Hint: You can use the Tab key to autocomplete all filenames and directories, so you don't have to type in the complete file or directory name manually.
This tutorial was last checked and updated on April 3, 2023.
- If you havn't already done so, download the program "PuTTY".
- Connect to your root server or VPS/vServer via SSH using PuTTY. To do this, open PuTTY and enter the domain or IP address of your server in the text box named "Host Name (or IP address)". Then click the "OK" button below.
- Update your package lists with the command
apt update
. - Now install any available updates of the packages already installed on your server using the command
apt upgrade -y
. - Install the "ProFTPD" FTP Server and other required packages with the following command:
apt install proftpd-basic -y
- Now create an configuration file in the directory "/etc/proftpd/conf.d/" by executing the command
nano /etc/proftpd/conf.d/ftp.conf
. The files in this directory won't be overwritten when you update the ProFTPD server. - Add the following content to this configuration file and adjust it if necessary (for example, if you don't want to disable IPv6):
# FTP users don't need a valid shell
<Global>
RequireValidShell off
</Global>
# Disable IPv6 (if wanted)
UseIPv6 off
# Set home directory as root directory for FTP users
DefaultRoot ~ ftpuser
# Allow login only for users of the group "ftpuser"
<Limit LOGIN>
DenyGroup !ftpuser
</Limit> - Save your changes to the configuration by pressing CTRL + X, then hit the "Y" key followed by enter.
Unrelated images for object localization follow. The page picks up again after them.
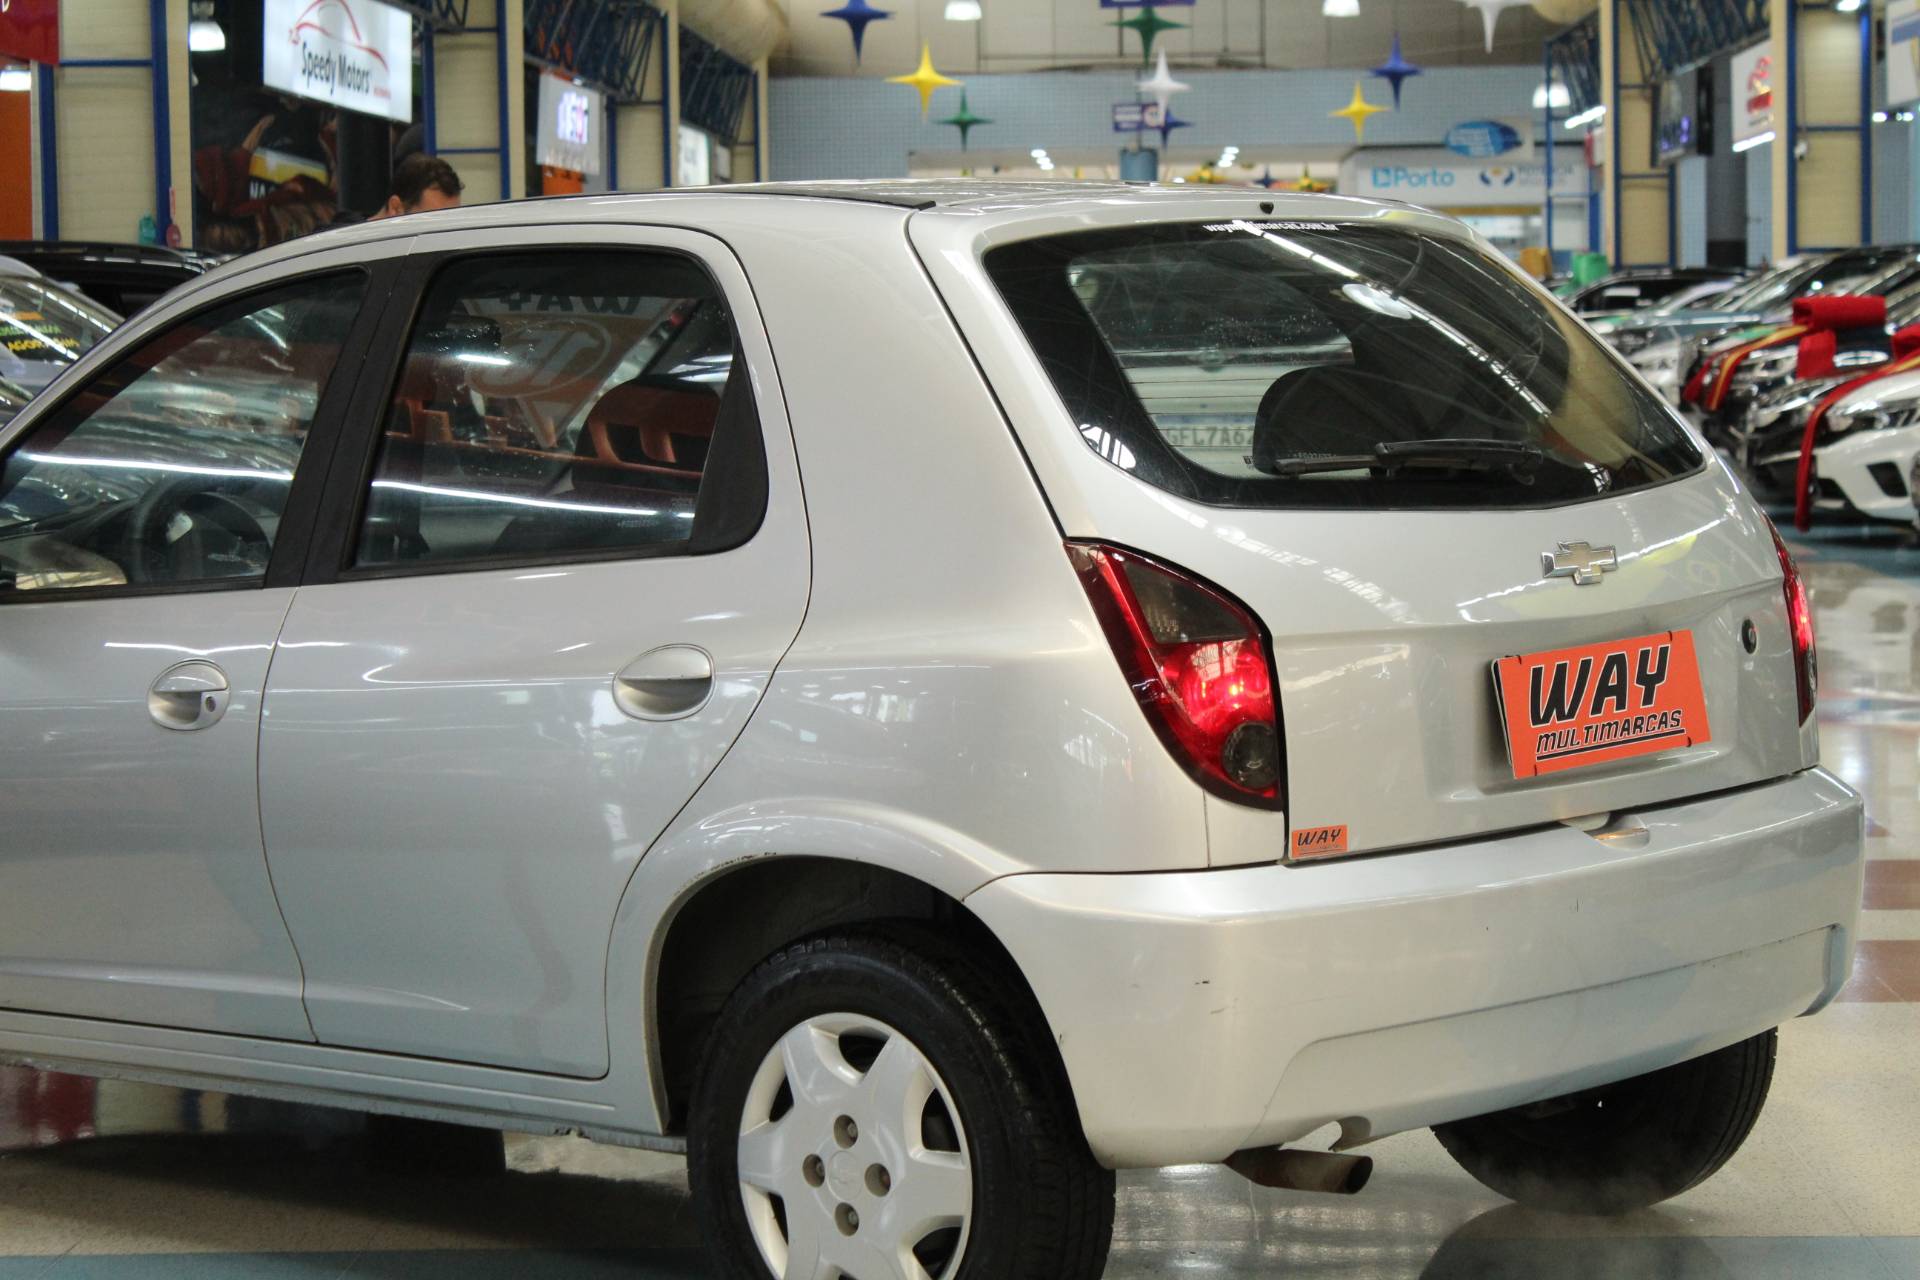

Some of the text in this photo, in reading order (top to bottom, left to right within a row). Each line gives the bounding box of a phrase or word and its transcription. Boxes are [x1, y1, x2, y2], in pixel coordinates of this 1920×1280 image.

[302, 41, 371, 96] Speedy Motors
[1393, 167, 1455, 188] Porto
[1529, 644, 1671, 728] WAY
[1536, 709, 1683, 754] MULTIMARCAS
[1297, 828, 1342, 847] WAY
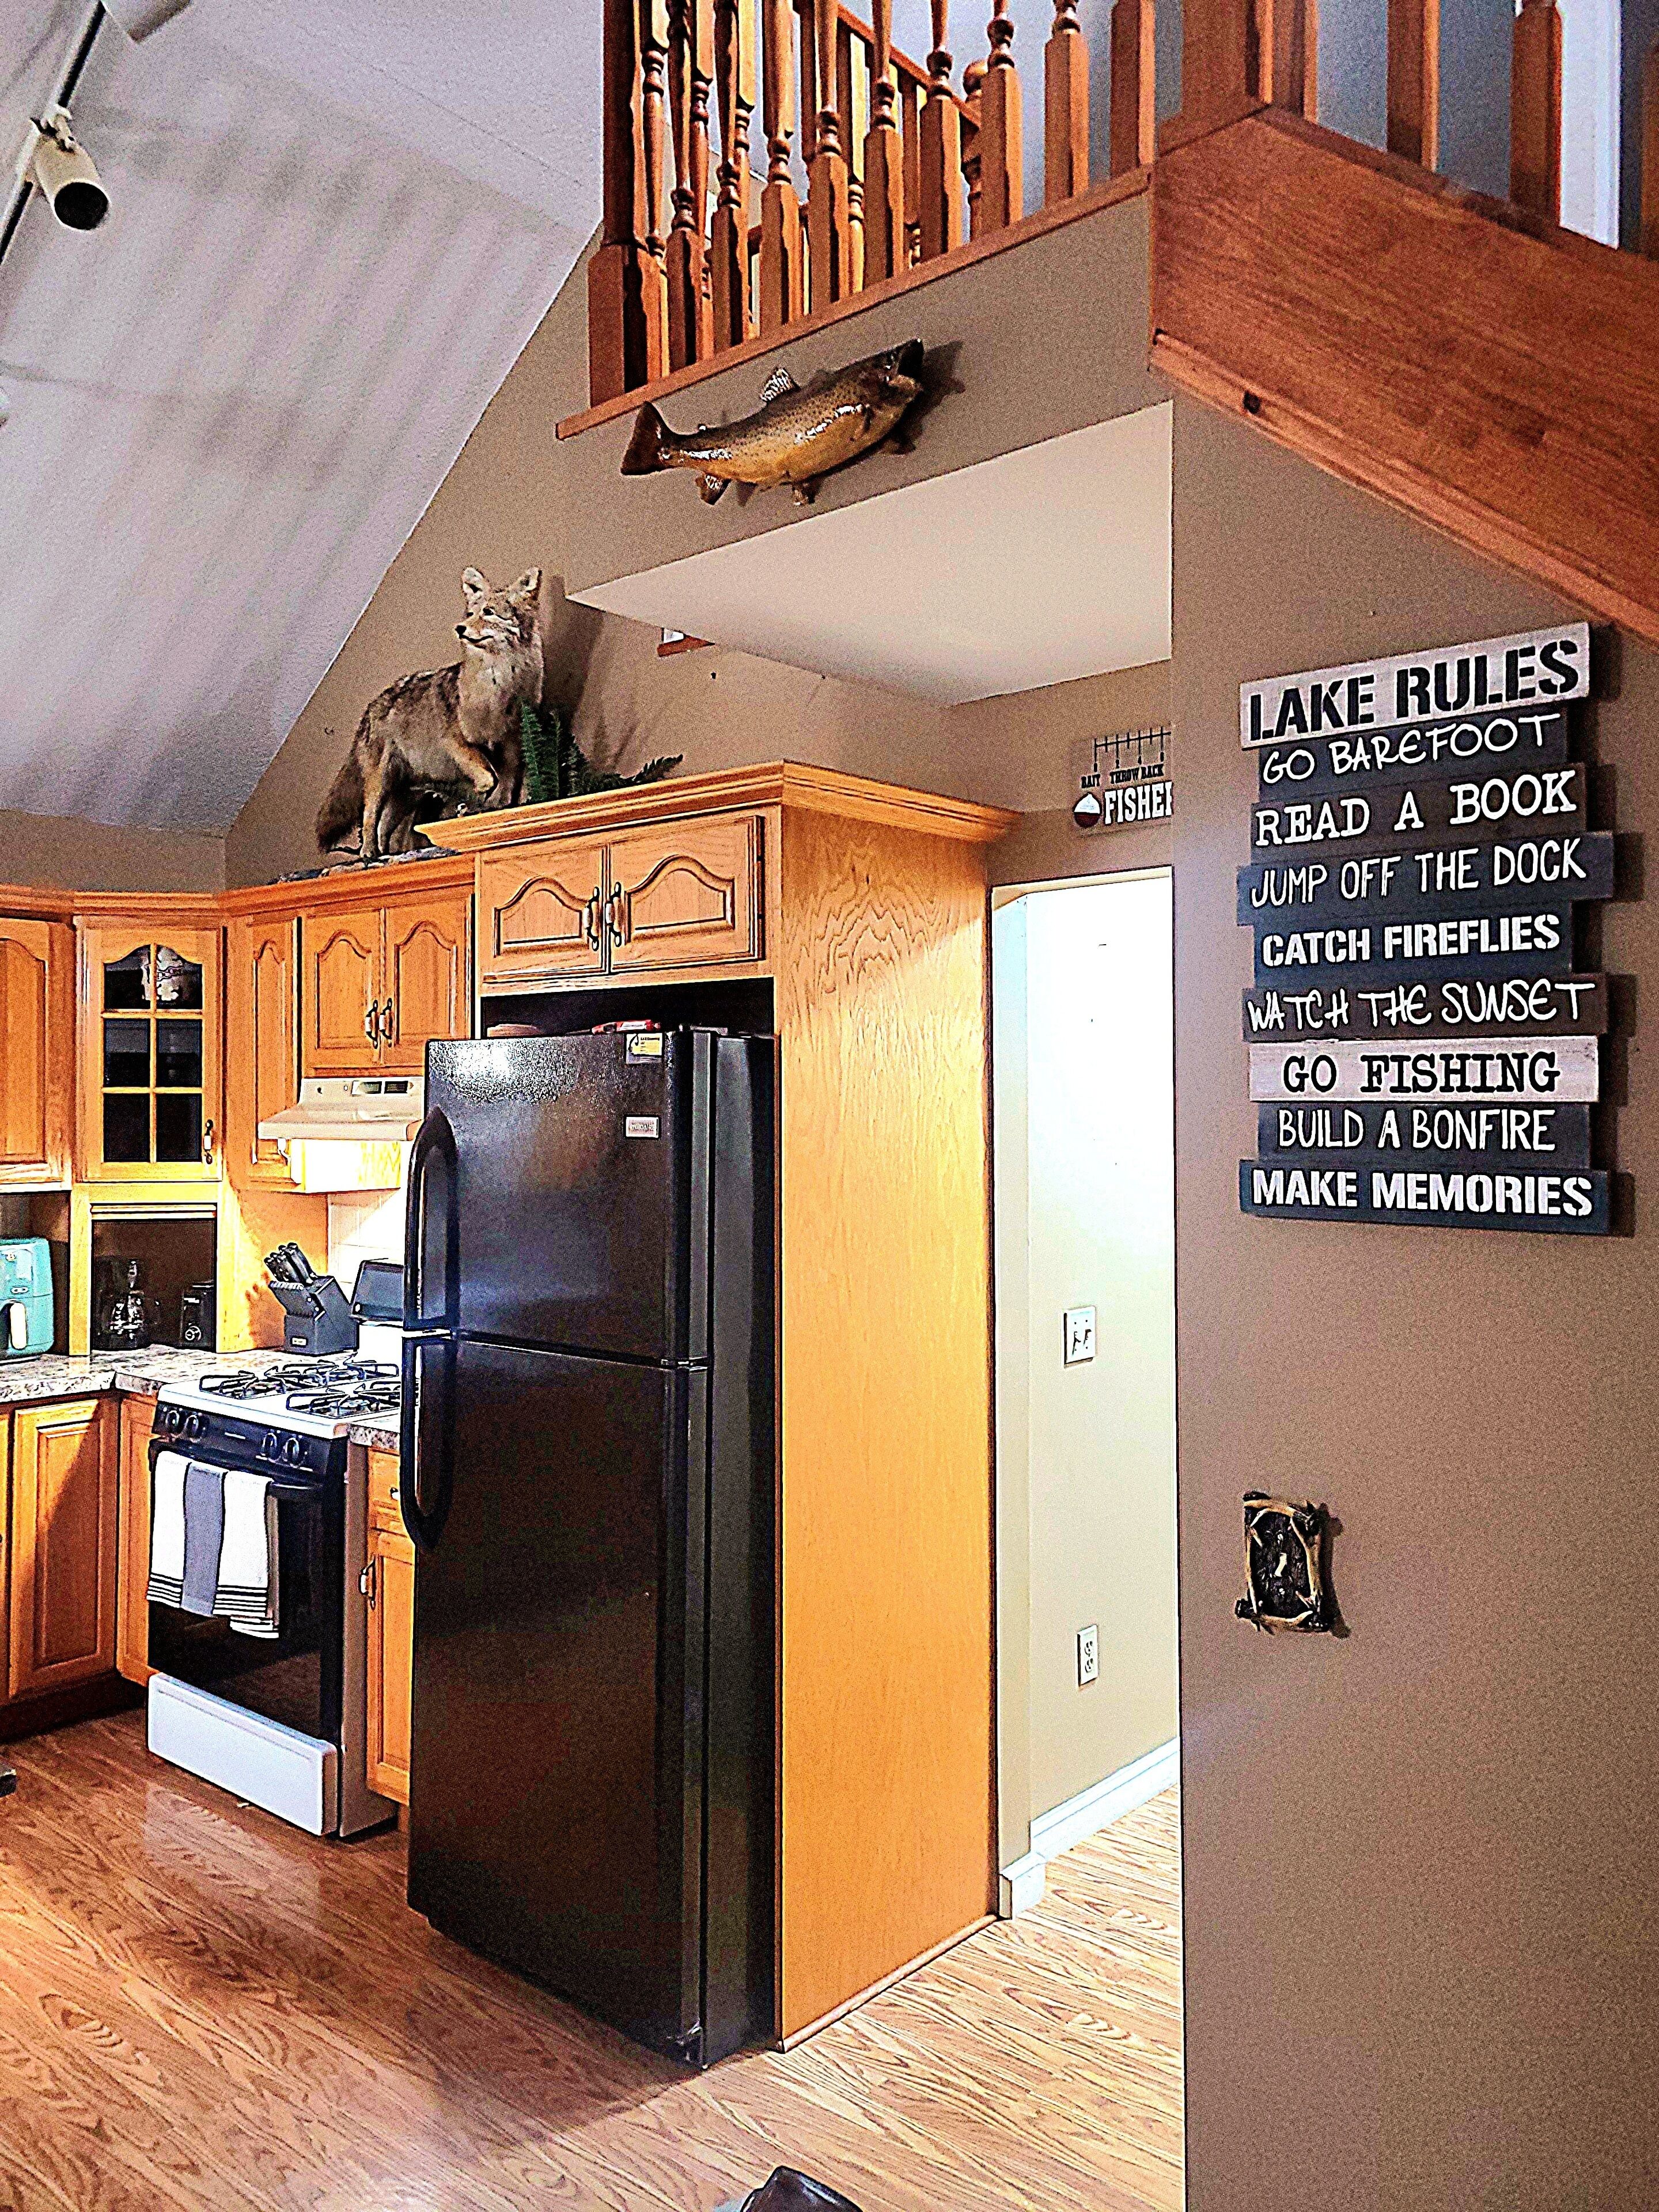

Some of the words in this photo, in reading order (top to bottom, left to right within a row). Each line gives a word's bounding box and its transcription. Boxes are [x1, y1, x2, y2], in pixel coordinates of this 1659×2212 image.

[1249, 675, 1374, 741] LAKE
[1396, 639, 1580, 718] RULES
[1109, 767, 1139, 784] THROW
[1141, 764, 1164, 779] BACK
[1262, 751, 1315, 784] GO
[1330, 714, 1560, 774] BAREFOOT
[1255, 798, 1370, 846] READ
[1394, 791, 1423, 830] A
[1450, 770, 1577, 825] BOOK
[1251, 864, 1327, 907] JUMP
[1340, 855, 1402, 899] OFF
[1415, 848, 1479, 893] THE
[1493, 838, 1586, 886] DOCK
[1262, 928, 1370, 966] CATCH
[1384, 914, 1560, 960] FIREFLIES
[1247, 988, 1349, 1032] WATCH
[1358, 985, 1432, 1027] THE
[1441, 979, 1595, 1023] SUNSET
[1283, 1055, 1337, 1093] GO
[1360, 1051, 1560, 1093] FISHING
[1278, 1109, 1364, 1148] BUILD
[1377, 1109, 1401, 1149] A
[1412, 1109, 1556, 1151] BONFIRE
[1252, 1170, 1358, 1207] MAKE
[1372, 1171, 1593, 1217] MEMORIES
- Restart the ProFTPD Server using the command
systemctl restart proftpd
to apply the configuration you just created. -
Without encryption, both the login data and the files themselves are transferred in plain text. Therefore you should use SSL/TLS. The required module for the ProFTPD server is already included and activated, but a configuration is still necessary. To do this, perform the following steps:
- You can use an existing certificate or create a self-signed one using the command
openssl req -x509 -newkey rsa:2048 -keyout /etc/ssl/private/proftpd.key -out /etc/ssl/certs/proftpd.crt -nodes -days 1460
. This certificate is stored under "/etc/ssl/certs/proftpd.crt" and the private key under "/etc/ssl/private/proftpd.key". If you create a self-signed certificate, some data will be requested. The only required field is the "Common Name". At this point, use the FQDN or hostname of your server. If you want to omit another field - for example the country code - just type a ".". - Now create a configuration file for TLS by executing the command
nano /etc/proftpd/conf.d/tls.conf
. - Add the following content to this configuration file and change the path to your SSL certificate if you want to use your own existing certificate:
<IfModule mod_tls.c>
TLSEngine on
TLSLog /var/log/proftpd/tls.log
TLSProtocol TLSv1.2
TLSRSACertificateFile /etc/ssl/certs/proftpd.crt
TLSRSACertificateKeyFile /etc/ssl/private/proftpd.key
TLSVerifyClient off
TLSOptions NoSessionReuseRequired
TLSRequired on
</IfModule> - Save your changes to the configuration by pressing CTRL + X, then hit the "Y" key followed by enter.
- For Debian 11 (not necessary until Debian 10 and under Ubuntu):
- Open the module configuration file of ProFTPD by executing the command
nano /etc/proftpd/modules.conf
. - Next, remove the "#" character before the line "LoadModule mod_tls.c" and save your changes by pressing CTRL + X, then hit the "Y" key followed by enter.
- Open the module configuration file of ProFTPD by executing the command
- Then restart the ProFTPD server using the command
systemctl restart proftpd
again, so that the TLS configuration is also applied.
- You can use an existing certificate or create a self-signed one using the command
- Now you have to create the group "ftpuser". You will later add all users to this group who are allowed to log in to the FTP server. Use the following command to create the group:
addgroup ftpuser
- Next, you have to create the users who are allowed to log in to the FTP server. The command for this is:
adduser example --shell /bin/false --home /var/www/example
. Replace "example" with the desired username and "/var/www/example" with the home directory in which this user should have read and write access. This is also the user's FTP home directory. - Set a secure password for the FTP user. There are no characters displayed during input, but this is normal. Confirm the password you set by pressing enter. You can skip all further information such as the name, telephone number, etc. by pressing enter as well.
- Finally, add the FTP user you just created to the group "ftpuser" so that this user can log in to the FTP server. Use the command
adduser example ftpuser
and replace "example" with the username you've chosen. - Your FTP server is now ready to use. You can now connect to it using an FTP client such as FileZilla and log in with the users you previously created and added to the "ftpuser" group.